== Records provided

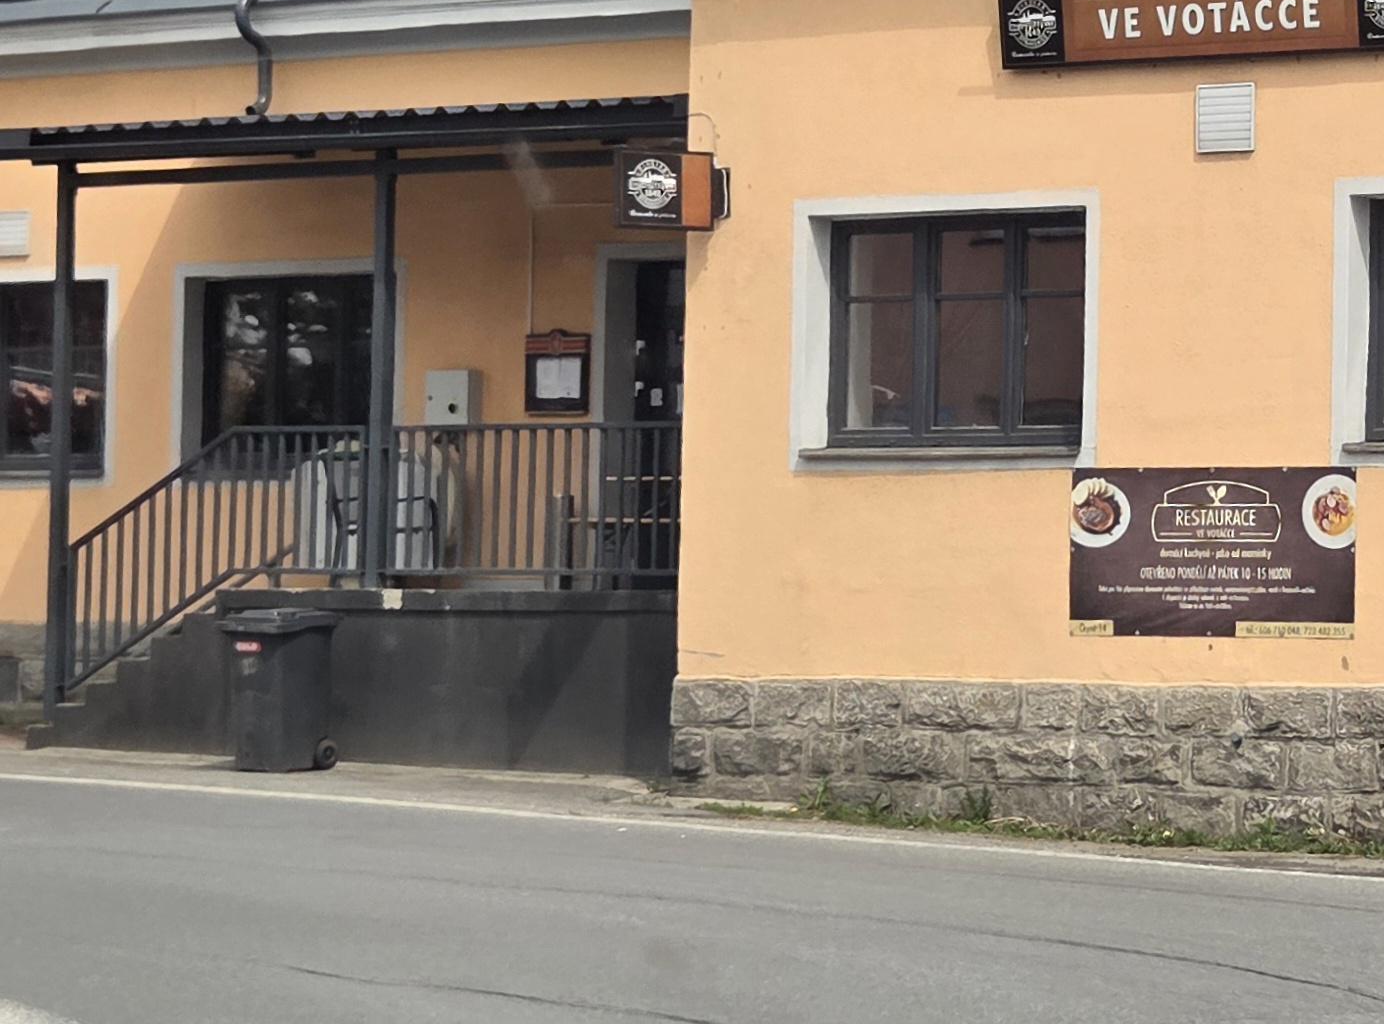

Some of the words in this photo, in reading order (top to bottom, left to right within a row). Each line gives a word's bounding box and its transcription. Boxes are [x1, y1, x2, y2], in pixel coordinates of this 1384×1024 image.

[1098, 6, 1142, 40] VE
[1175, 509, 1257, 526] RESTAURACE
[1140, 565, 1175, 579] OTEVŘENO
[1218, 564, 1239, 579] PÁTEK
[1242, 568, 1251, 579] 10
[1257, 567, 1266, 579] 15
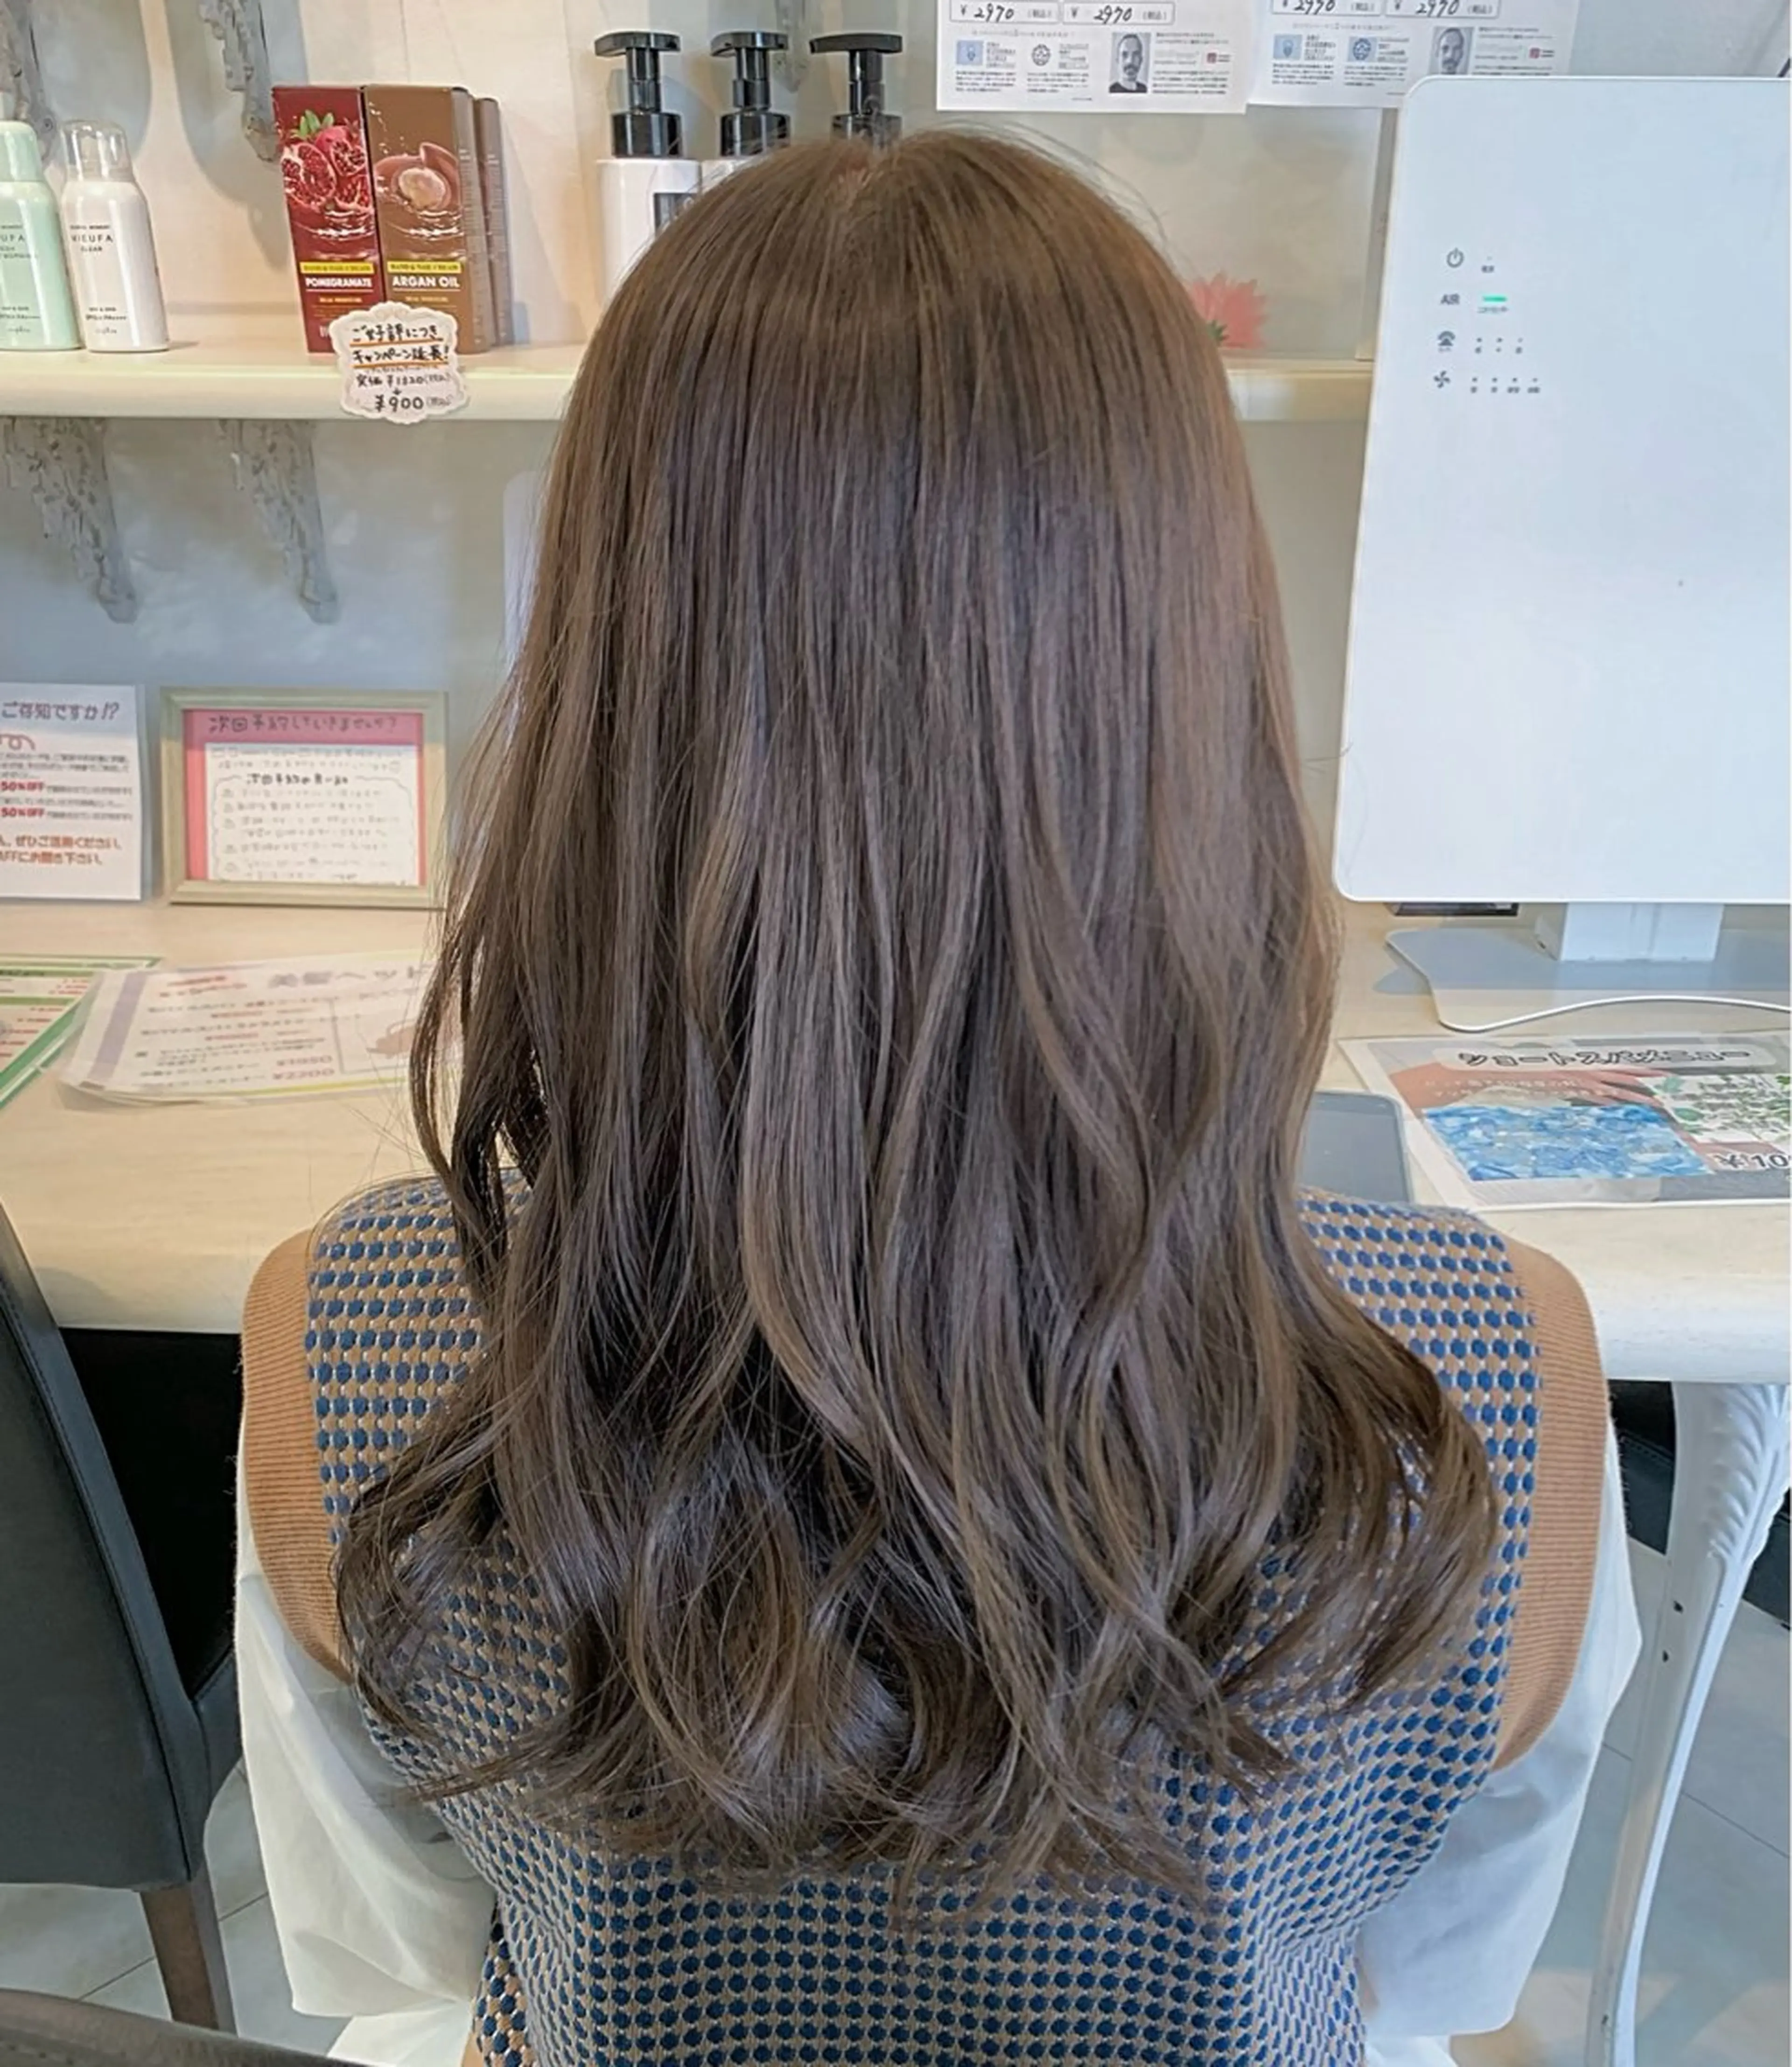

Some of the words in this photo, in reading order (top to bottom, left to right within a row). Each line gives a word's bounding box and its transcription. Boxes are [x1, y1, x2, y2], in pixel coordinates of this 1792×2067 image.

[973, 4, 1014, 22] 2970
[1093, 6, 1133, 24] 2970
[1294, 0, 1336, 14] 2970
[1415, 0, 1459, 18] 2970
[305, 278, 372, 287] POMEGRANATE
[392, 276, 436, 287] ARGAN
[438, 277, 461, 287] OIL
[352, 323, 444, 343] ご好評につき
[375, 395, 424, 412] ¥900
[1458, 1049, 1751, 1066] ショートスパメニュー

====

Please return the whole listing exactly. Do not copy its images.

__Solution below__.
Some of the words in this photo, in reading order (top to bottom, left to right within a row). Each line gives a word's bounding box and its transcription. Boxes are [x1, y1, x2, y2], in pixel coordinates of this 1384×1024 image.

[1098, 6, 1142, 40] VE
[1175, 509, 1257, 526] RESTAURACE
[1140, 565, 1175, 579] OTEVŘENO
[1218, 564, 1239, 579] PÁTEK
[1242, 568, 1251, 579] 10
[1257, 567, 1266, 579] 15

Some of the words in this photo, in reading order (top to bottom, left to right within a row). Each line gives a word's bounding box and its transcription. Boxes are [x1, y1, x2, y2], in pixel coordinates of this 1792×2067 image.

[973, 4, 1014, 22] 2970
[1093, 6, 1133, 24] 2970
[1294, 0, 1336, 14] 2970
[1415, 0, 1459, 18] 2970
[305, 278, 372, 287] POMEGRANATE
[392, 276, 436, 287] ARGAN
[438, 277, 461, 287] OIL
[352, 323, 444, 343] ご好評につき
[375, 395, 424, 412] ¥900
[1458, 1049, 1751, 1066] ショートスパメニュー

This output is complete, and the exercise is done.